(Dataset entries)
---+---

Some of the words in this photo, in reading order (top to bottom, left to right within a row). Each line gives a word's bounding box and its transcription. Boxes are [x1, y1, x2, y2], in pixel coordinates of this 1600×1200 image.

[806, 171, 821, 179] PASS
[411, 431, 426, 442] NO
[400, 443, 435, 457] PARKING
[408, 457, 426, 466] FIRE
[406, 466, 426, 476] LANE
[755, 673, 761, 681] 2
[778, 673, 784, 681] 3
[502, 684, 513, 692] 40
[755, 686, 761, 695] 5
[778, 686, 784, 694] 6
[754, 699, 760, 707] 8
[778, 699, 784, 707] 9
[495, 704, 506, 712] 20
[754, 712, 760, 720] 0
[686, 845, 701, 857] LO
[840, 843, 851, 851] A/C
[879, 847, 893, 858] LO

---+---

Action item: Reproduce each of the entries exactly, omitting none.

Task result:
Some of the words in this photo, in reading order (top to bottom, left to right within a row). Each line gives a word's bounding box and its transcription. Boxes are [x1, y1, x2, y2], in pixel coordinates of this 1600×1200 image.

[806, 171, 821, 179] PASS
[411, 431, 426, 442] NO
[400, 443, 435, 457] PARKING
[408, 457, 426, 466] FIRE
[406, 466, 426, 476] LANE
[755, 673, 761, 681] 2
[778, 673, 784, 681] 3
[502, 684, 513, 692] 40
[755, 686, 761, 695] 5
[778, 686, 784, 694] 6
[754, 699, 760, 707] 8
[778, 699, 784, 707] 9
[495, 704, 506, 712] 20
[754, 712, 760, 720] 0
[686, 845, 701, 857] LO
[840, 843, 851, 851] A/C
[879, 847, 893, 858] LO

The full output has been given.